Skipping once more over a poem we’ve posted earlier, we come to …De quelle plante, ou de quelle racine, De quel unguent, ou de quelle liqueur Oindroy-je bien la playe de mon cœur Qui d’os en os incurable chemine ? Ny vers charmez, pierre, ny medecine, Drogue ny jus ne romproient ma langueur, Tant je sen moindre et moindre ma vigueur Ja me trainer en la barque voisine. Amour, qui sçais des herbes le pouvoir, Et qui la playe au cœur m’as fait avoir, Guary mon mal, ton art fay moy cognoistre. Pres d’Ilion tu blessas Apollon : J’ay dans le cœur senty mesme aiguillon : Ne blesse plus l’écholier et le maistre. With what plant, what root, What unguent, what potion Shall I anoint the wound in my heart Which runs through my bones incurably? Not magic rhymes, stone nor medicine, Drug nor juice will defeat my languor, So much can I feel my strength lessen and lessen, Already dragging me off into the bark which is nearby. Love, you know the power of herbs And you have made this wound in my heart: Heal my ills, help me understand your arts. Beside Troy you wounded Apollo; I have felt the same sting in my heart; Do not wound again the scholar and the teacher.

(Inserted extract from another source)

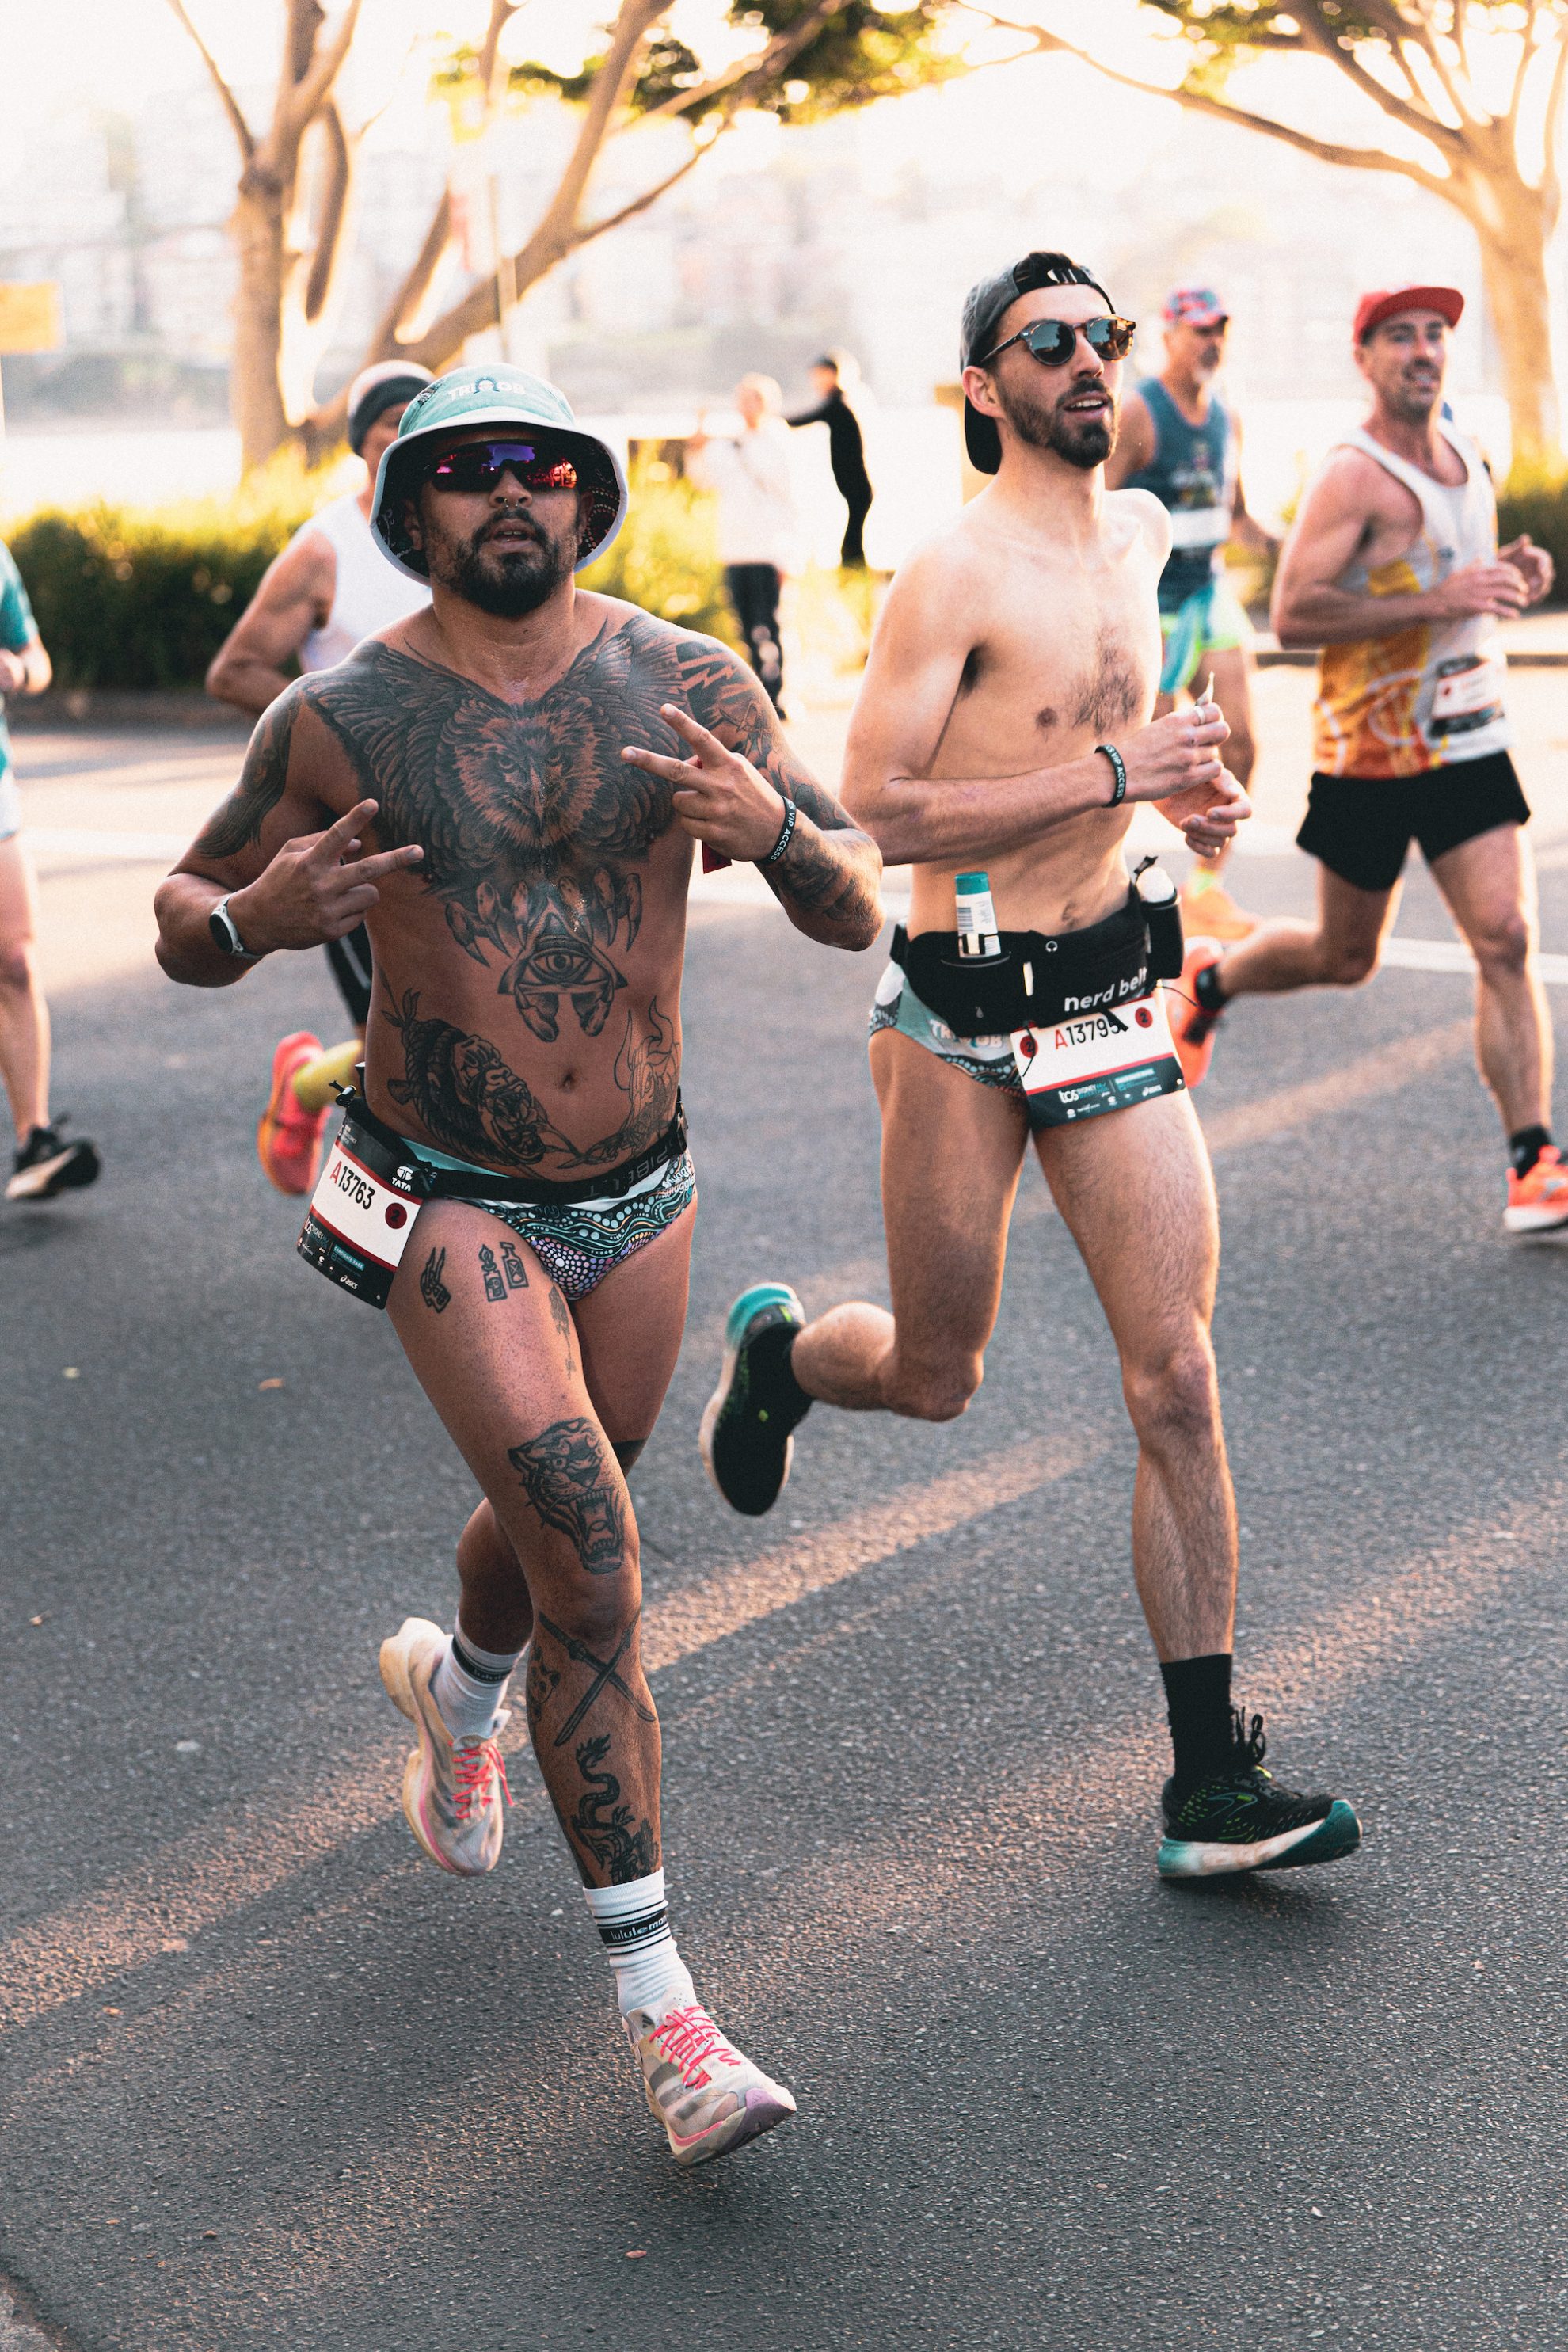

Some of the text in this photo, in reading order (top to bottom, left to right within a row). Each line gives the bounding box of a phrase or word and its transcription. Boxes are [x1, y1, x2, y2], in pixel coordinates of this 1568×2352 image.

In line 8, the nearby bark is the boat of Charon which ferries the dead across the river Styx. I think Ronsard is conflating two stories in the reference to Apollo and Troy: Apollo was the father of Troilus by Hecuba, wife of Trojan King Priam; and (separately, in Thessaly) Apollo loved Daphne after being shot with a dart by Cupid. In the final line, to state the obvious, Ronsard is the scholar in love, but it’s curious to see unsuccessful Apollo (who failed to win over Daphne) as the teacher! There’s clearly a message about similar unsuccessful pursuits of the beloved, but odd to frame this as a learned behaviour… Blanchemain’s earlier version does not pose these mythological conundrums – Cassandre is the magician, the one who causes the wounded heart and the one who can heal it. Another example of the older Ronsard over-complicating things? Here’s Blanchemain’s closing sestet: Las ! toi qui sçais des herbes le pouvoir, Et qui la playe au cœur m’as fait avoir, Guary le mal que ta beauté me livre : De tes beaux yeux allége mon souci, Et par pitié retiens encore ici Ce pauvre amant qu’Amour soule de vivre. Alas, you who know the power of herbs And who have made this wound in my heart: Heal the ill which your beauty gives me; With your fair eyes lighten my pain, And in pity keep here still The poor lover whom Love intoxicates with life.